We evaluated nano-structural and chemical changes in human scleral collagen caused by non-enzymatic glycation using AFM, Raman spectroscopy, and microfluidics. Twenty 8 × 2 mm2 scleral strips (n = 5, each) were divided into four groups of pure sclera tissues (control group) and sclera tissues with incubation (1 hr in BSS and ribose) and preservation (23 hr in 90% ethanol) for 7 days (BSS + DR7 group) and 30 days (BSS + DR30 group) at room temperature, and 7 days in a microfluidic chip (BSS + DR + µF7 group). The BSS + DR7 and BSS + DR30 groups were incubated in a mixture of balanced salt solution (BSS) and 0.2 M D-ribose in PBS, pH 7.4 containing 0.1% sodium azide, while the BSS + DR + µF7 group was incubated in the same solutions supplied by two inlet reservoirs from a microfluidic chip.
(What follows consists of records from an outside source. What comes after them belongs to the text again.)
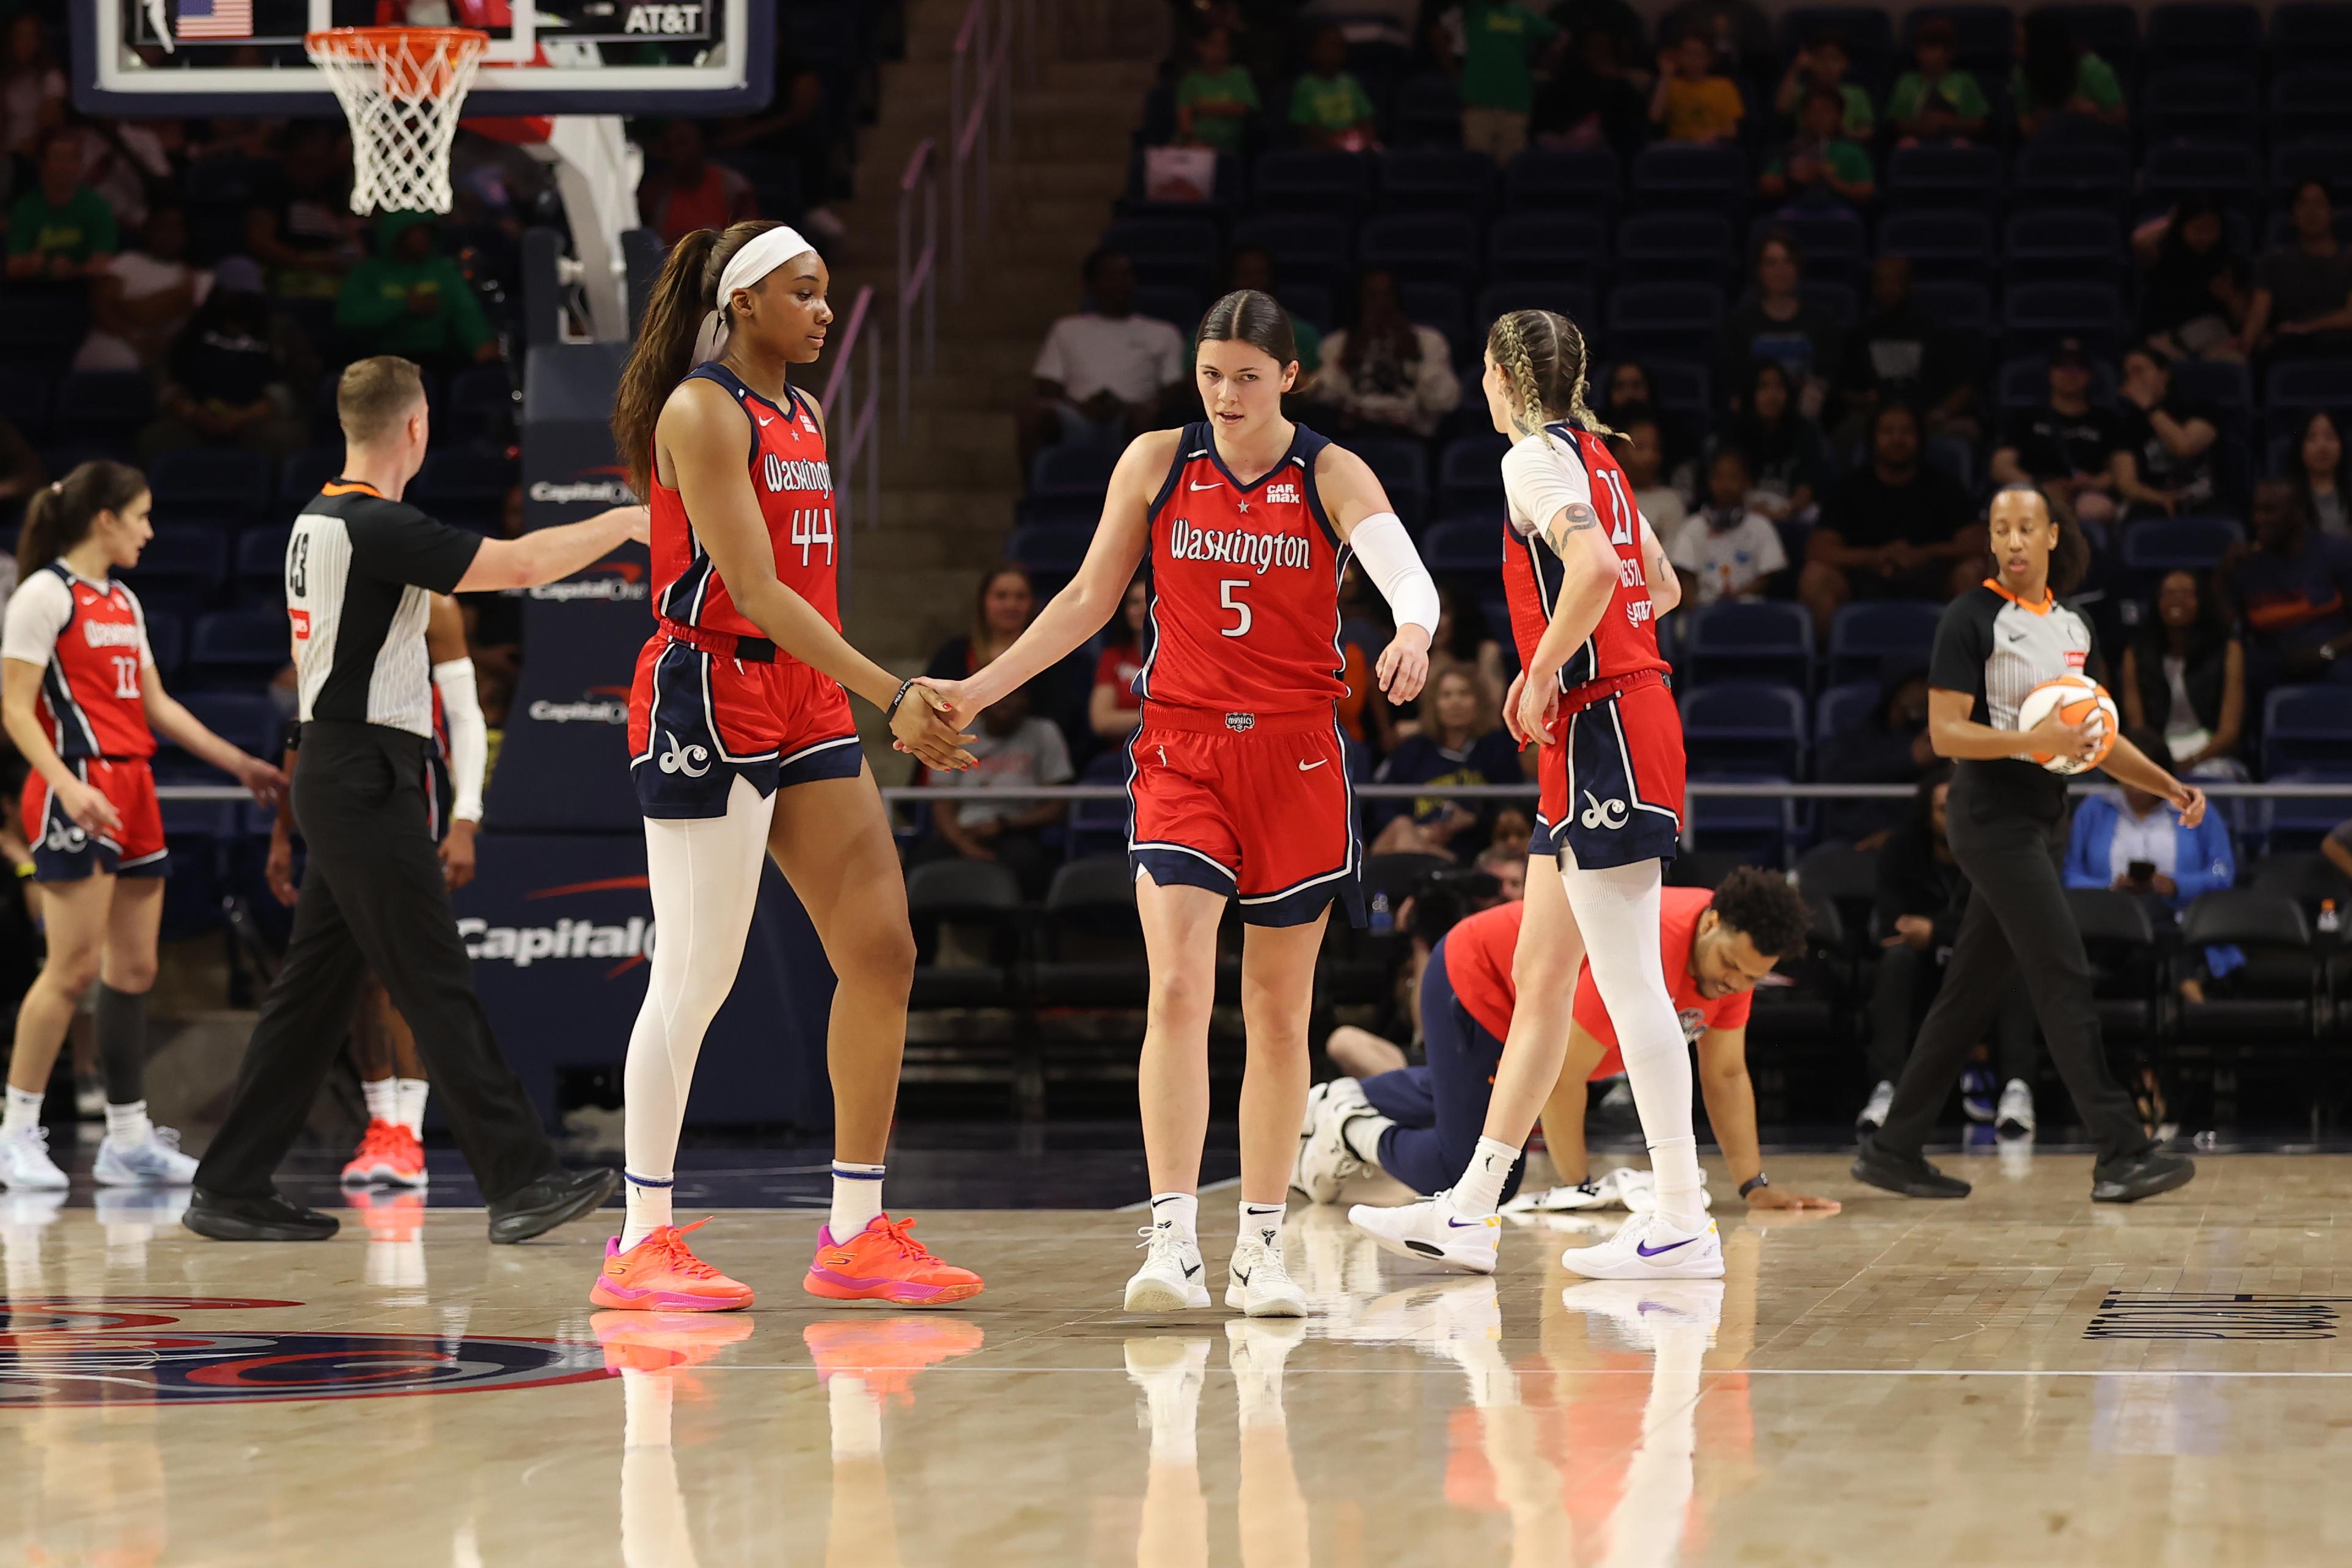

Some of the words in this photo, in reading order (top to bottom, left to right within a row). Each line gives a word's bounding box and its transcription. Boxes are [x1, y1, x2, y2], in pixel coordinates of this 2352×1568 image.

[625, 4, 702, 34] AT&T
[764, 453, 834, 499] Washingt
[1266, 483, 1294, 494] CAR
[1595, 469, 1634, 546] 21
[791, 508, 834, 566] 44
[1171, 519, 1310, 574] Washington
[1220, 579, 1252, 637] 5
[456, 917, 656, 967] Capital
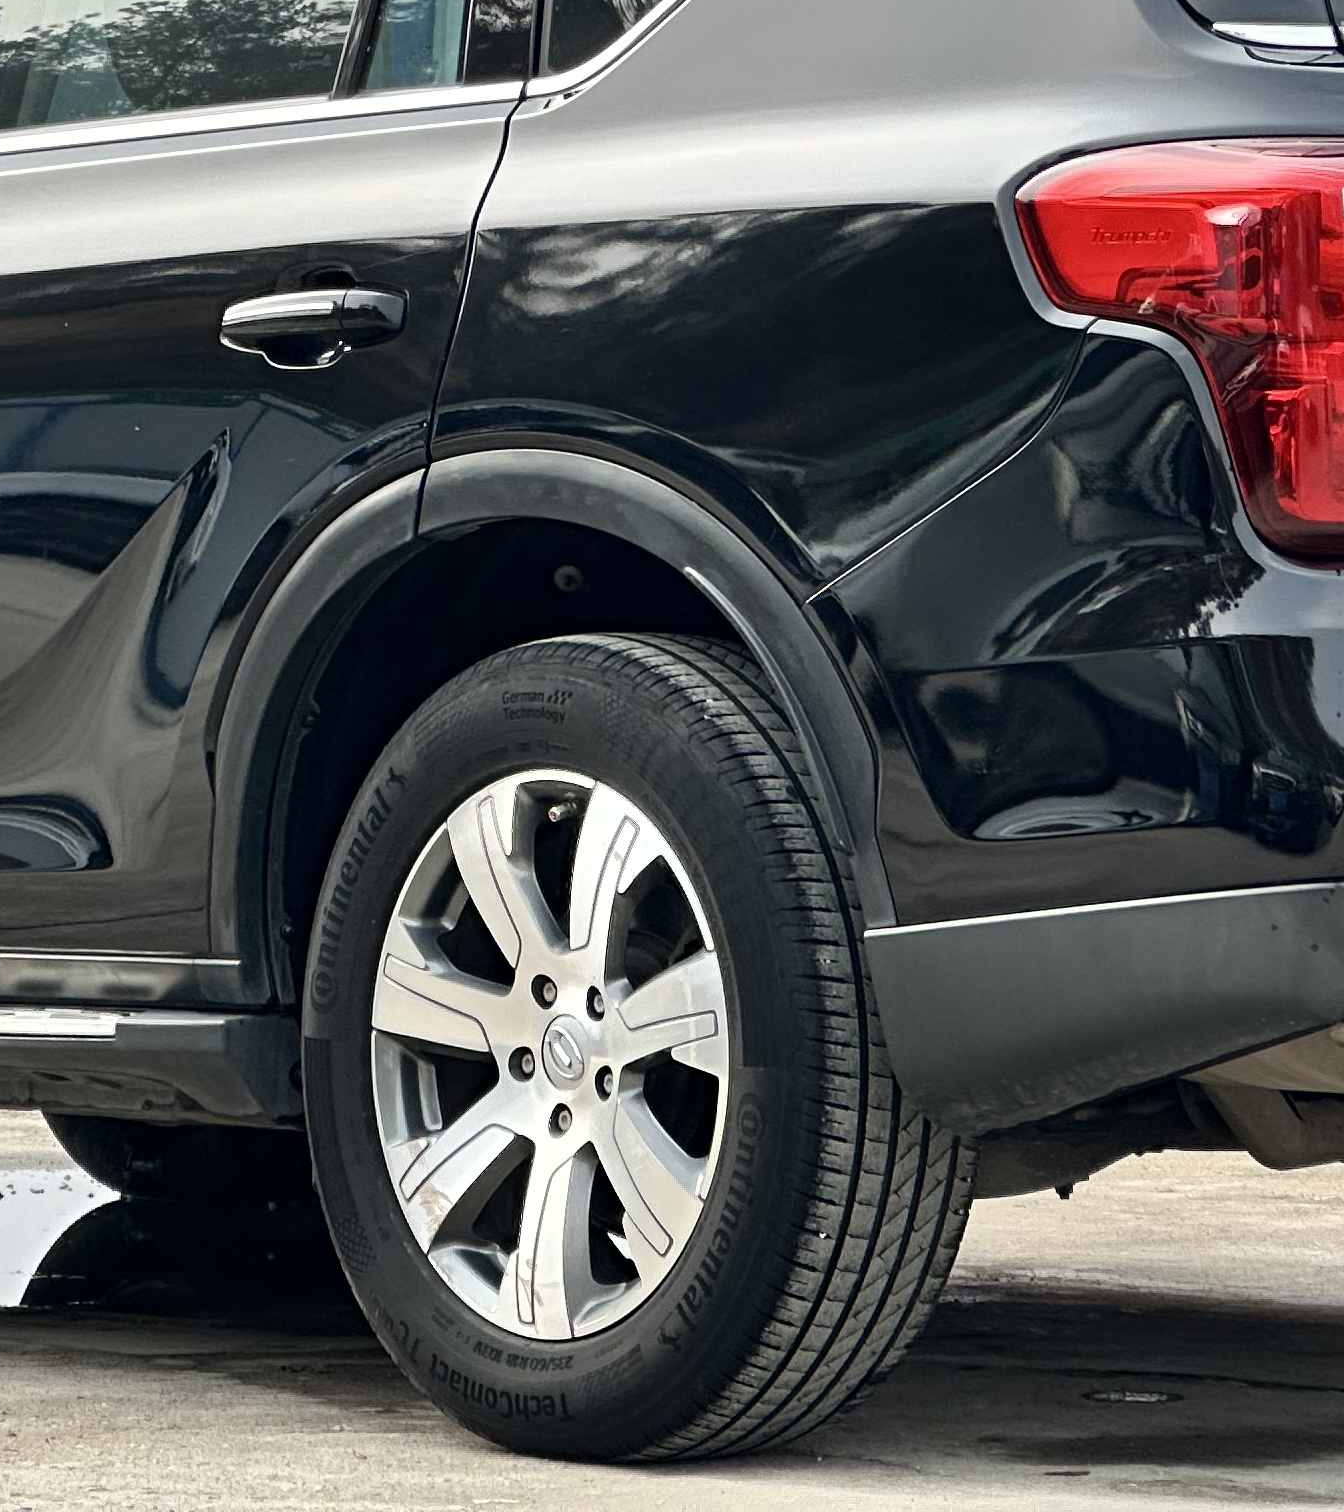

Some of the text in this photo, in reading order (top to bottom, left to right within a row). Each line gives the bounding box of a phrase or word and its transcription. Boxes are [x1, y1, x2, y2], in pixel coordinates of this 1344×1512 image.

[501, 690, 545, 704] German
[502, 706, 566, 725] Technology
[311, 785, 393, 1014] Continental
[677, 1092, 763, 1332] Continental
[425, 1353, 576, 1423] TechContact
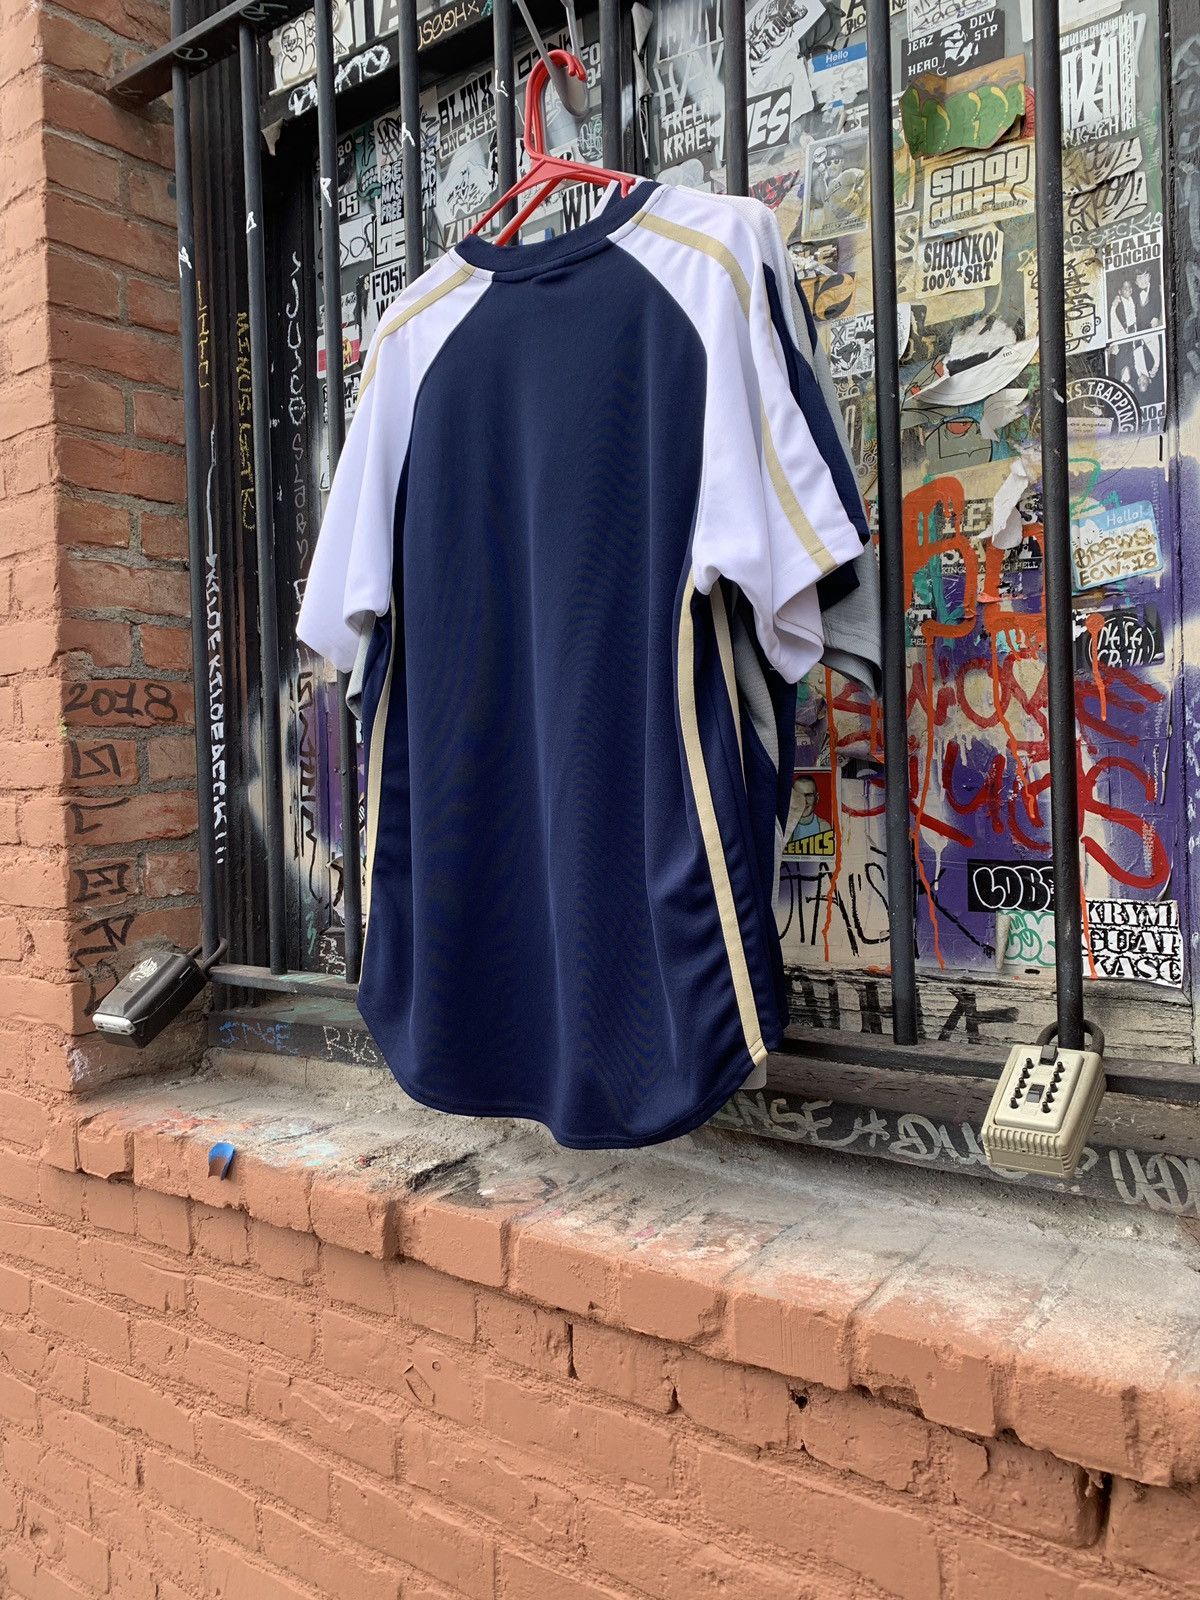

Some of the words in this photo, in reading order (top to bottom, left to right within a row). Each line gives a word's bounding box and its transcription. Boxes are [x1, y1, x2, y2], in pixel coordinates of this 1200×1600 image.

[970, 10, 996, 29] DCV
[974, 24, 999, 42] STP
[907, 34, 935, 56] JERZ
[825, 51, 849, 64] Hello
[908, 56, 940, 77] HERO
[1104, 243, 1161, 271] PONCHO
[1087, 381, 1135, 433] TRAPPING
[63, 680, 178, 723] 2018
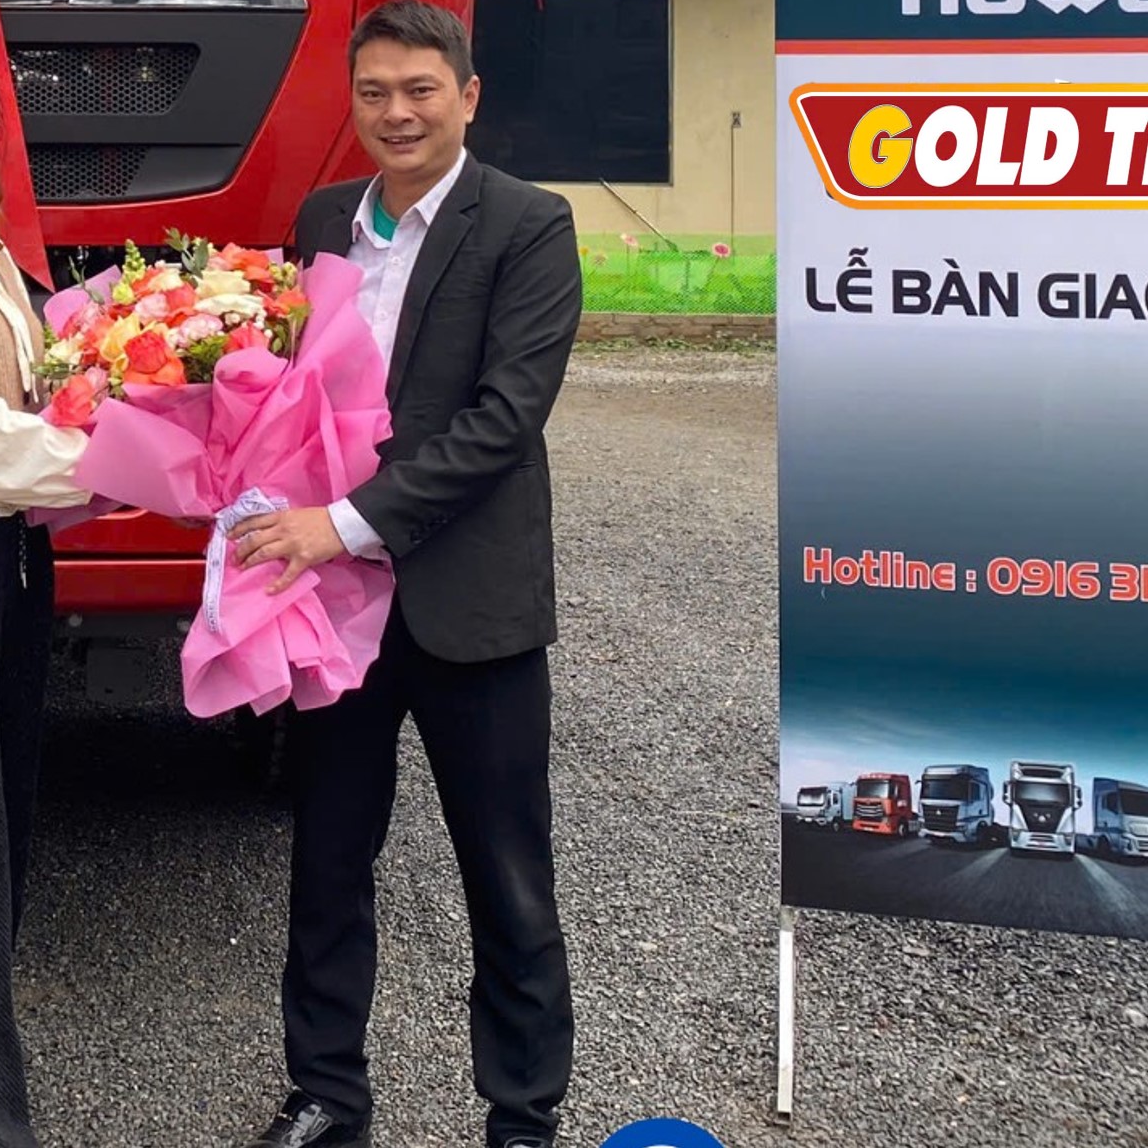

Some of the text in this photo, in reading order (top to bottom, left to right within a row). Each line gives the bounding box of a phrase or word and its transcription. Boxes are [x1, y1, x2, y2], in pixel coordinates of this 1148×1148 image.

[805, 247, 1148, 320] LỄ BÀN GIA
[803, 547, 956, 592] Hotline
[986, 557, 1101, 600] 0916
The scleral tissues incubated in the microfluidic environment showed a clear irregular parallel arrangement of collagen fibrils with tangled fibrils. A Raman shift was observed at 919 cm-1 in the glycation groups. Non-enzymatic glycation led to an increased in the density of scleral stromal collagen. Our method using non-enzymatic glycation in a microfluidic environment successfully induced collagen cross-linking. These in vitro results suggested that glycation can be used to strengthen connective tissues. SCANNING 38:421-426, 2016. © 2016 Wiley Periodicals, Inc.